As expected, the malicious worm evolved from East to West, beginning in the time zones first to greet April Fool's Day.

Experts tracking Internet traffic in Asia and Europe after clocks struck April 1st said there was no indication that the worm was doing anything other than modifying itself to be more difficult to exterminate.

Conficker had been programmed to access 250 websites per day to download commands from its creators, according to experts with Microsoft.  However, on Wednesday it began generating daily lists of 50,000 sites, and reaching out at random to 500 of those.

"One thing we're not seeing is any mass malicious activity," McAfee analyst Joris Evers told the Associated Press.

"The Internet today is working just as well as it was working yesterday."

Other experts agreed.

"Planes are not going to fall out of the sky and the Internet is not going to melt down," said threat analyst Paul Ferguson of Trend Micro computer security firm in an interview with AFP.

"The big mystery is what those behind Conficker are going to do. When they have this many machines under their control it is kind of scary. With a click of a mouse they could get thousands of machines to do whatever they want," he said.

Conficker is self-replicating program which harnesses networks of computers that haven't updated security patches for Windows RPC Server Service.  It can infect machines via the Internet or by hiding on USB memory sticks.  The malware could then be triggered to steal data, or to relinquish control of infected computers over to hackers who use the zombie machines to create "botnets".

A Microsoft task force has been working to shut down the worm, and the company has offered a $250,000 reward for information about those responsible for the threat. Last October, the company issued a software patch to protect PCs from vulnerability to the worm, but not everyone applied the patch.
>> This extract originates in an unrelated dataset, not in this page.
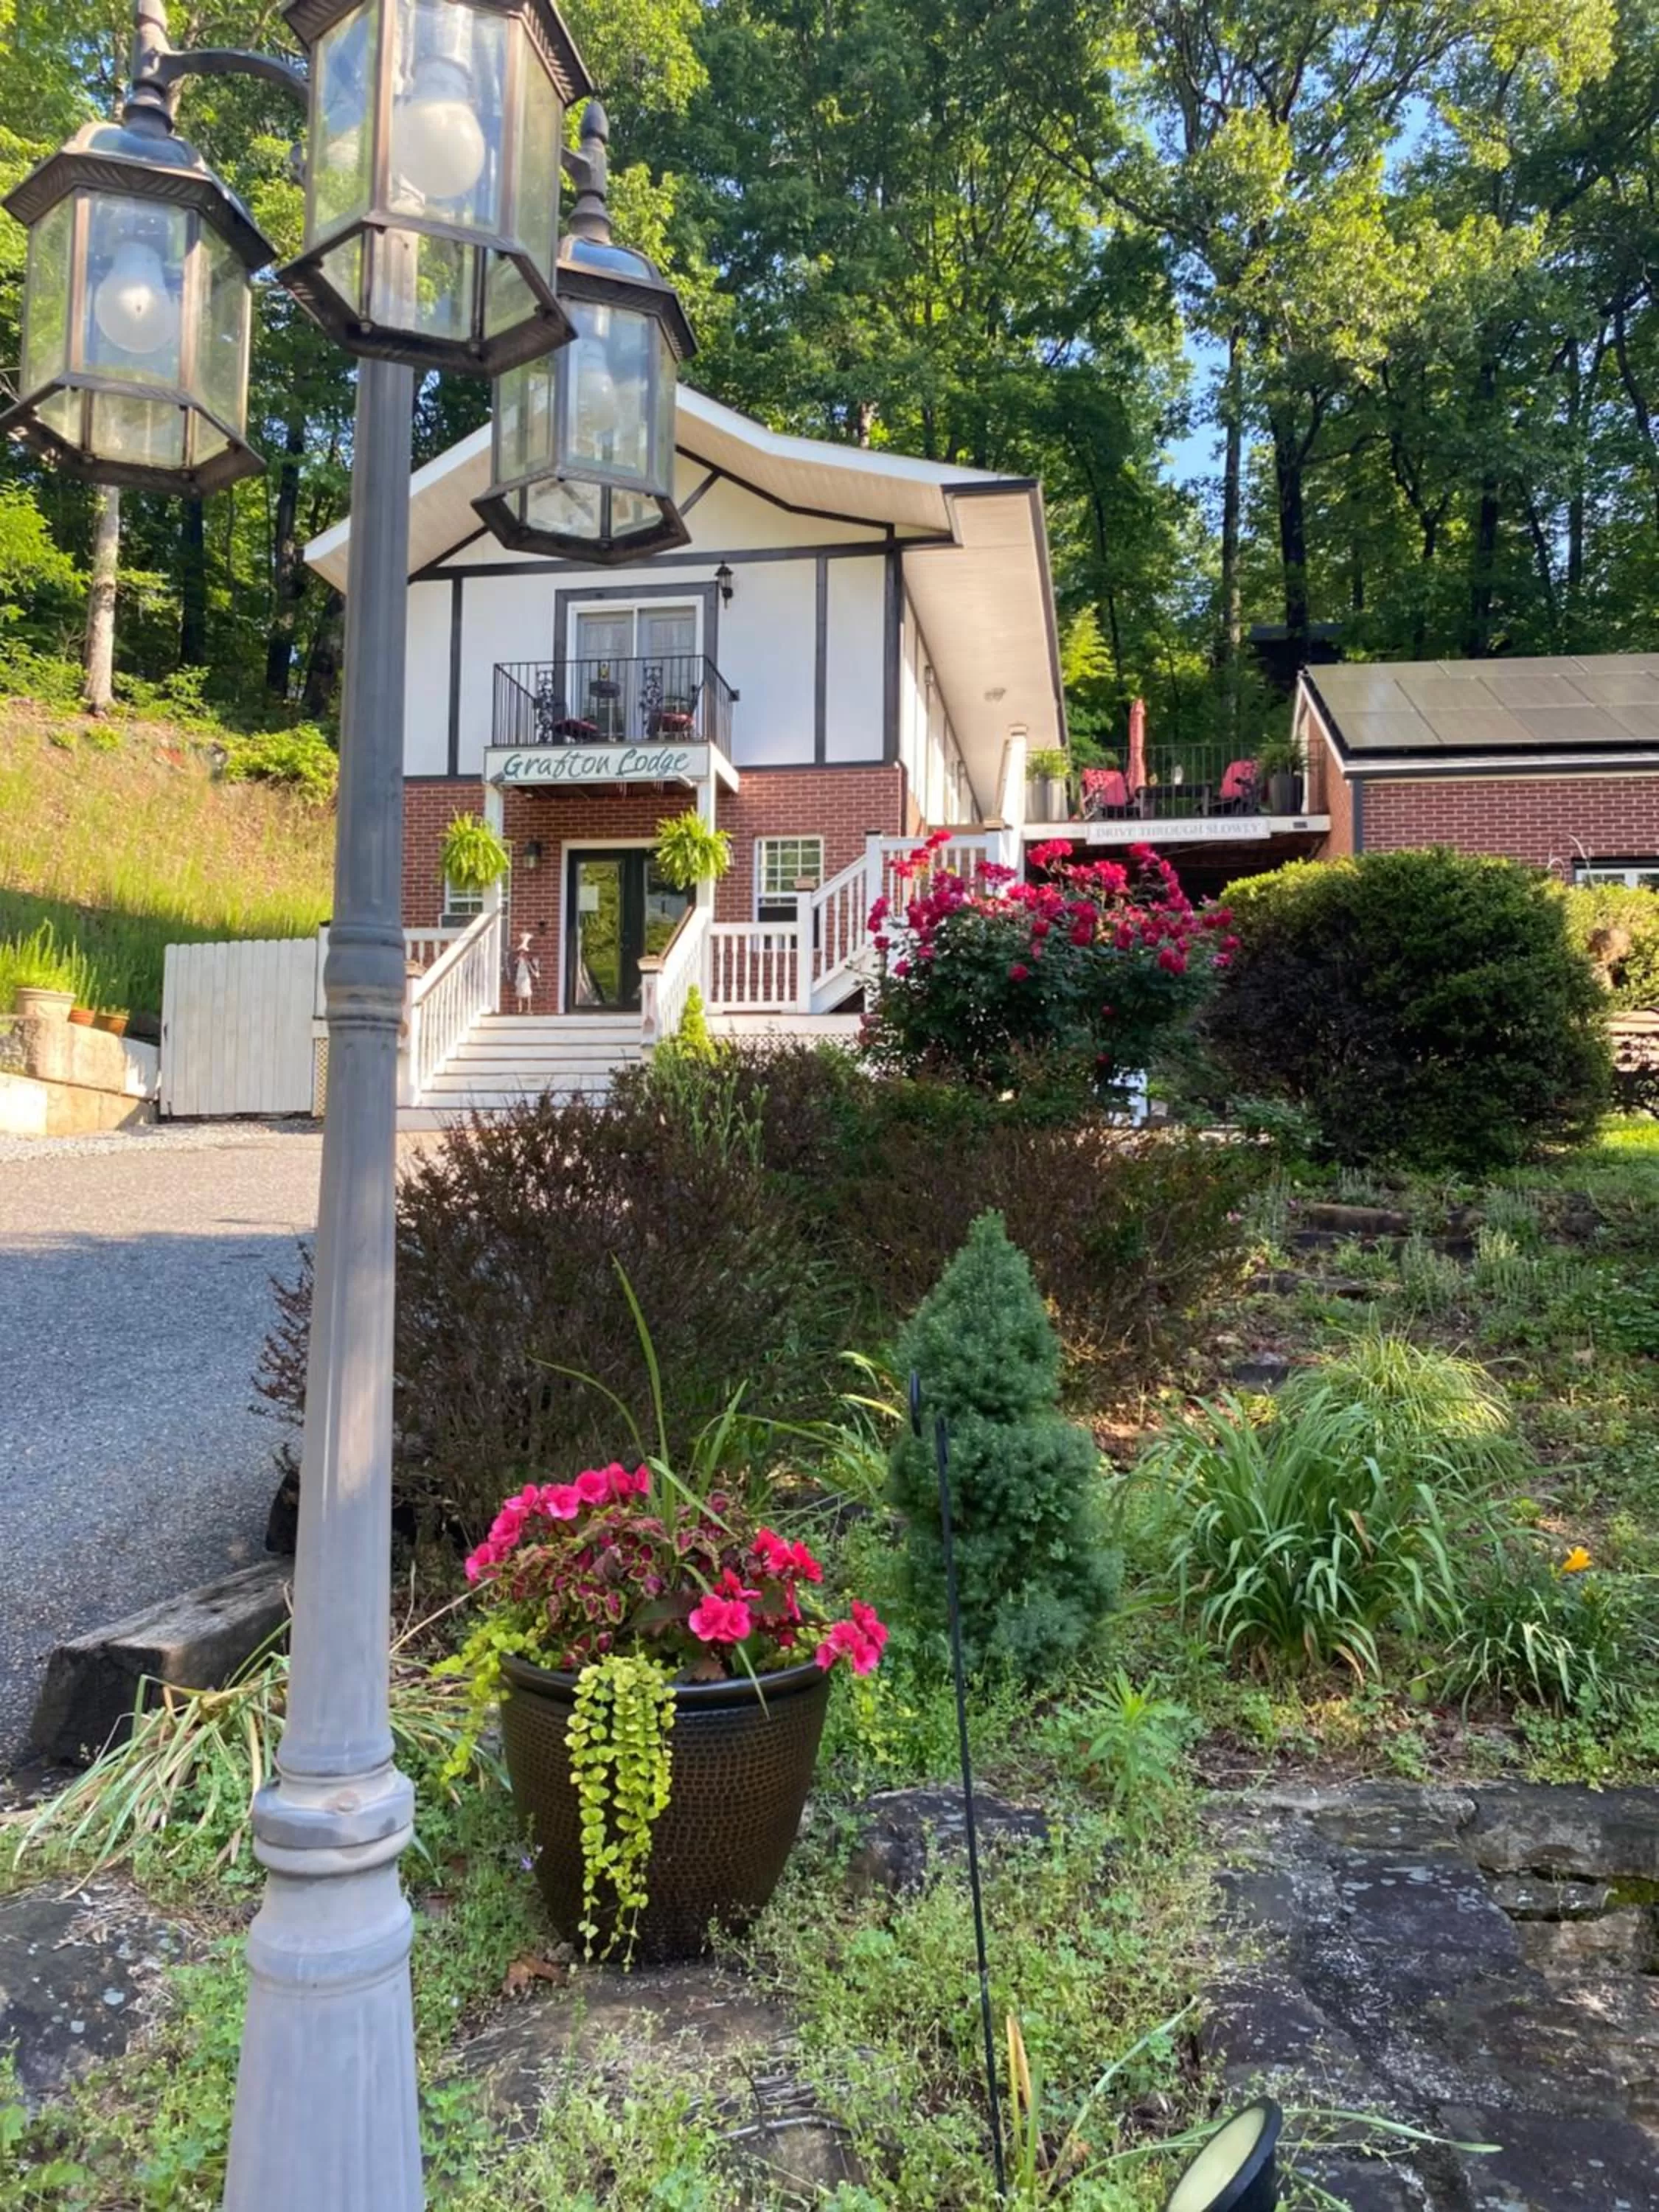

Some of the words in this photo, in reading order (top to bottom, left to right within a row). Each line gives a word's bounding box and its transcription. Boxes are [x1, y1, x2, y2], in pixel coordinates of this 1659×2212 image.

Analysts say the worm's creators likely want to use their enormous botnet to distribute spam or conduct other cybercrimes, not to bring down the Internet.  For that reason, Conficker's creators will likely wait to send any commands, they say.

"Everyone who is fighting Conficker is on high alert," Evers said.
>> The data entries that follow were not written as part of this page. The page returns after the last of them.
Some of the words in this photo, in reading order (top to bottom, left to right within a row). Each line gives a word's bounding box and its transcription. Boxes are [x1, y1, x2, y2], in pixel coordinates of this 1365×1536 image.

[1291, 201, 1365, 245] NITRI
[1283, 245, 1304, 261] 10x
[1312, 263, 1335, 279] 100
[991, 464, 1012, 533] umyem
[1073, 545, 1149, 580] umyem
Security firms tracking Conficker have been mostly successful in blocking infected machines from communicating with the worm's creators.

Since Conficker blocks Microsoft's Web site as well as those of most antivirus companies, inability to access these sites can give users a telltale sign that their computers may be infected.  As a workaround, computer owners can have someone else e-mail them a Conficker removal tool.
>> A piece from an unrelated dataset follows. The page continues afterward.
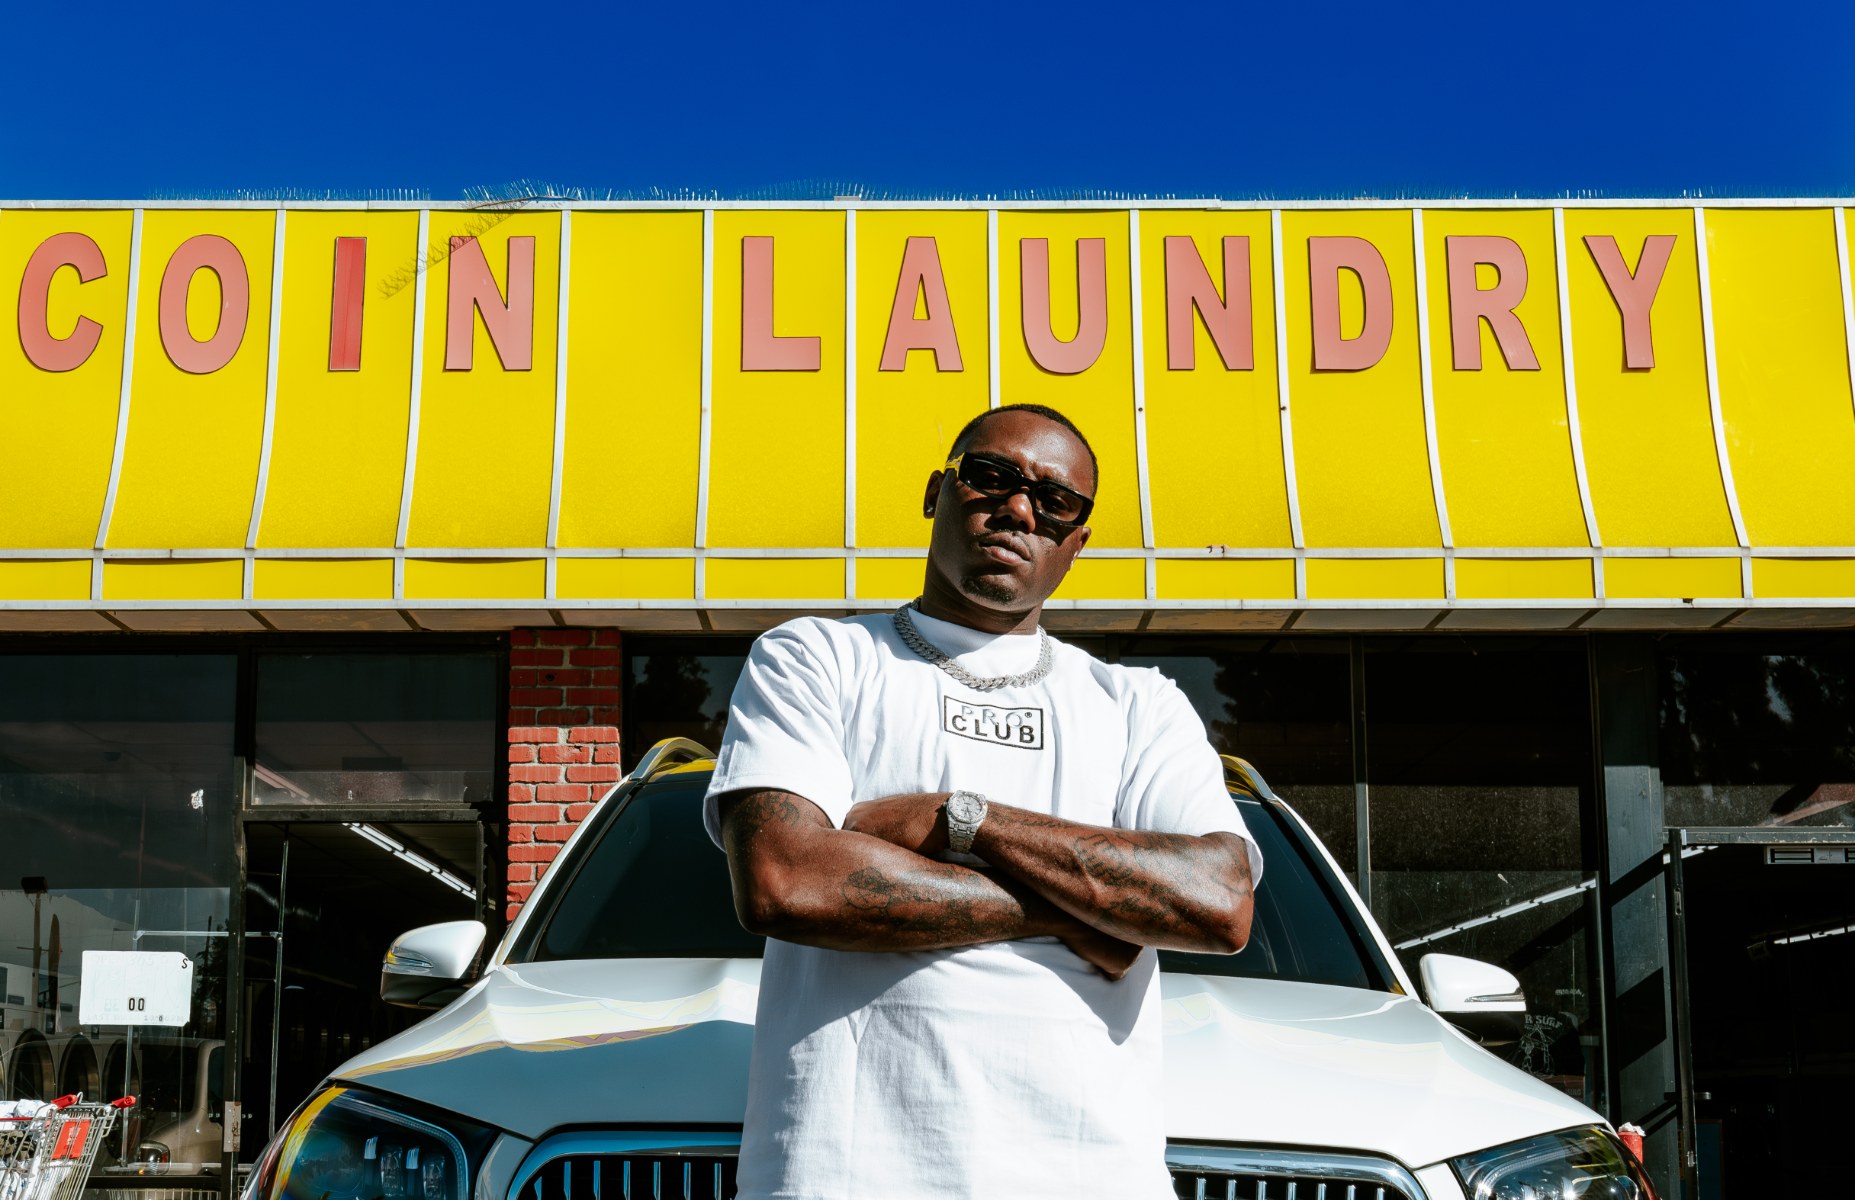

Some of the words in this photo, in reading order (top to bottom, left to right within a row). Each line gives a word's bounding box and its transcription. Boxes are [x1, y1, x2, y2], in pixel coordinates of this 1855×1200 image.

Computer security experts warn that the Conficker threat will remain even if April 1st passes without incident.

"I hope April 1st comes and goes with no trouble. But, there is this loaded pistol looming large out there even if no one has pulled the trigger," said Ferguson.

Conficker was first detected in November 2008, and some cybercriminals are taking advantage of the hype by promising cures to lure users to Web sites booby-trapped with malicious code.

The FBI said it is working with the Department of Homeland Security and other agencies to "identify and mitigate" the threat.

"The public is once again reminded to employ strong security measures on their computers," FBI Cyber Division assistant director Shawn Henry said in a press release about the matter.

"That includes the installation of the latest anti-virus software and having a firewall in place...Opening, responding to, or clicking on attachments contained in unsolicited e-mail is particularly harmful and should be avoided."